Investment sales values declined citywide by more than a billion dollars from the first half of 2017 to the second.
Investment has fallen steadily since the first half of 2015, when New York saw $37 billion in real estate consideration. Aside from a singular uptick during the second half of 2016, the total number of sales has fallen in each six-month report.
REBNY’s most recent study shows the decline spanning all asset classes, with the hotel sector bearing the greatest percent drop, going from $3.1 billion in the second half of 2016 to $1.2 billion last year, a 60 percent decline.
Meanwhile, the office market, which accounts for nearly a quarter of investment spending, saw its value tumble from $7.5 billion to barely $4.1 billion.
Despite the continued downturn, Knakal said he’s optimistic about the market moving forward, pointing to a slight uptick in sales toward the tail end of last quarter and a bottoming out of property values throughout the city, mirroring similar conditions that preceded previous turnarounds.
“We’re seeing the same market conditions we had in 1993 and again in 2010,” he said. “It’s following the exact same playbook that we’ve seen in the past.”
Last year still had its fair share of impressive sales, capped off by a pair of half-billion-dollar deals in Manhattan: the ground lease at 375 Hudson Street, which sold for $580 million, and 1440 Broadway, which went for $520 million.
Brooklyn’s priciest property was the Leverich Towers Hotel Dormitory at 79 Willow Street, which sold for $203 million. Meanwhile, Queens saw two transactions hit nine digits: the apartment complex at 7-11 Seagirt Avenue in Far Rockaway, which sold for $135 million, and the Assi Plaza supermarket at 131 39th Avenue in Flushing, which traded for $115 million.

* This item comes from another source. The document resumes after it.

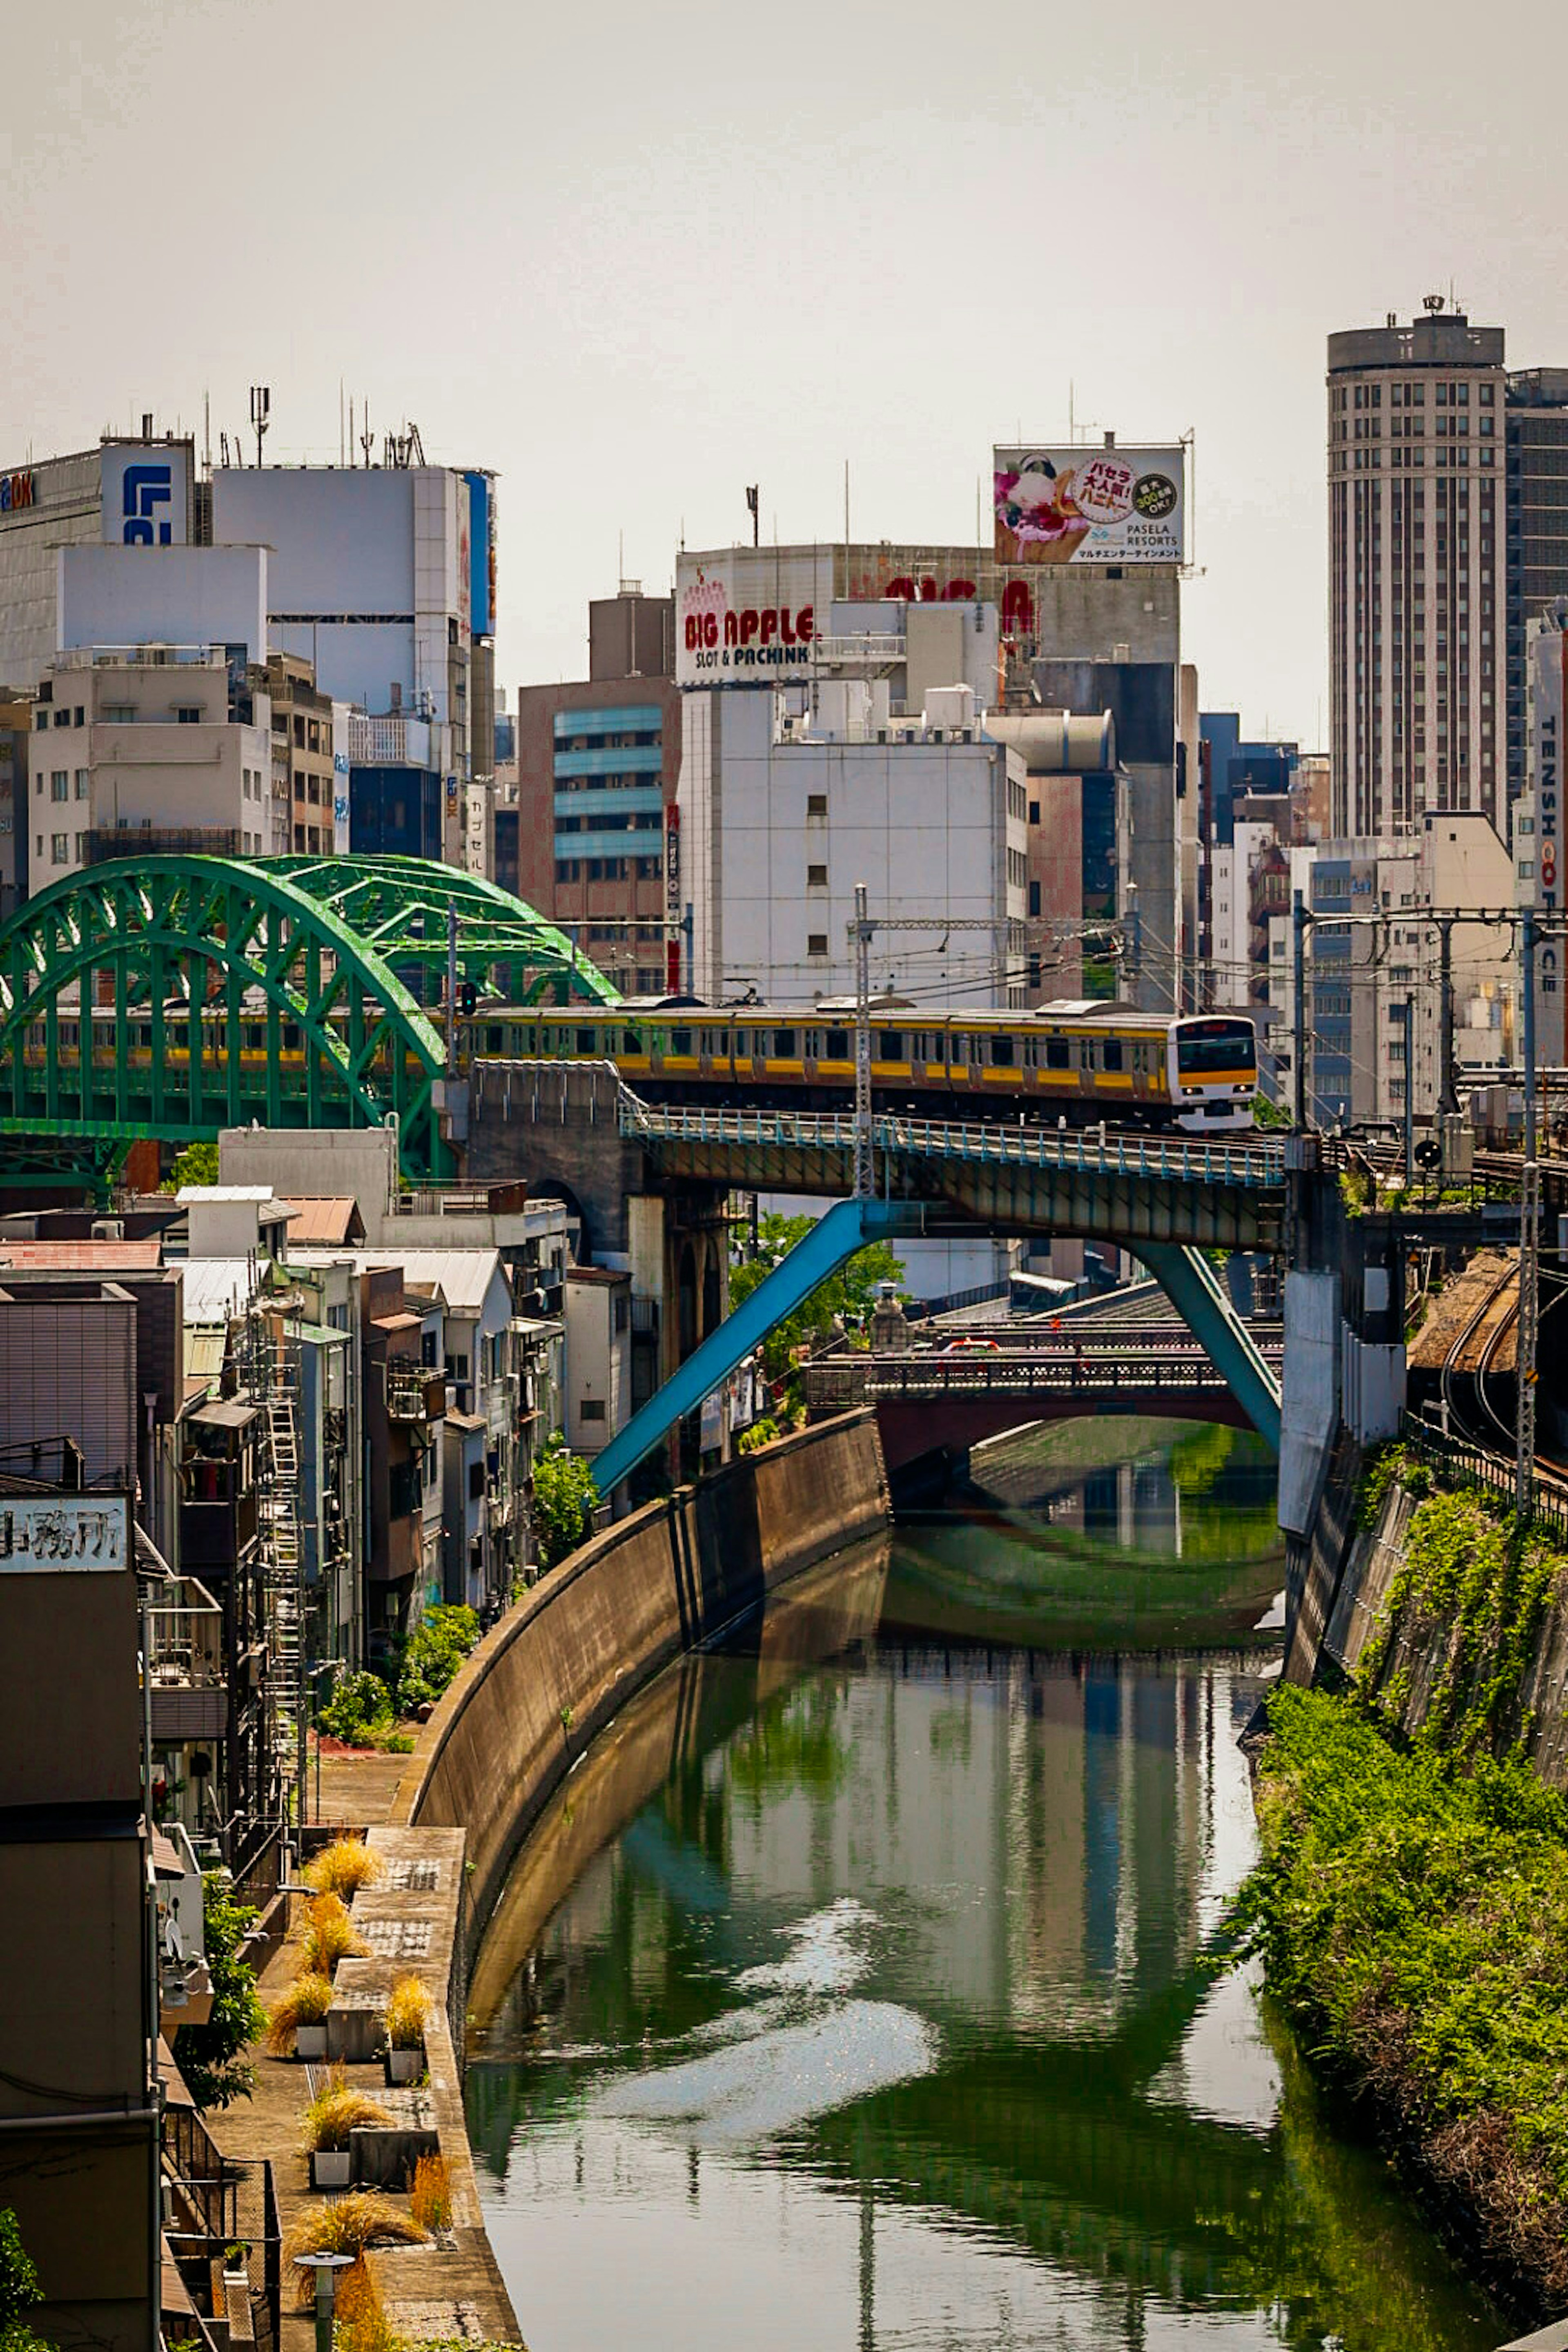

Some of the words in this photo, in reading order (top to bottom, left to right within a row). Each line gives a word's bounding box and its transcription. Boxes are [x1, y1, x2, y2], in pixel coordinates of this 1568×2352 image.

Shimon Shkury, founder and president of Ariel Property Partners, also sees investment activity picking up in 2018 as the correction dust settles. He expects institutional investors to target larger aspects while prices either increase or stagnate.
“Investors appear to be approaching 2018 with a firmer grasp of the risks and rewards that today’s market presents, which should translate to more deal flow,” Shkury said. “Sellers and buyers are becoming more realistic with their pricing expectations and the new tax policy should help multifamily property owners.”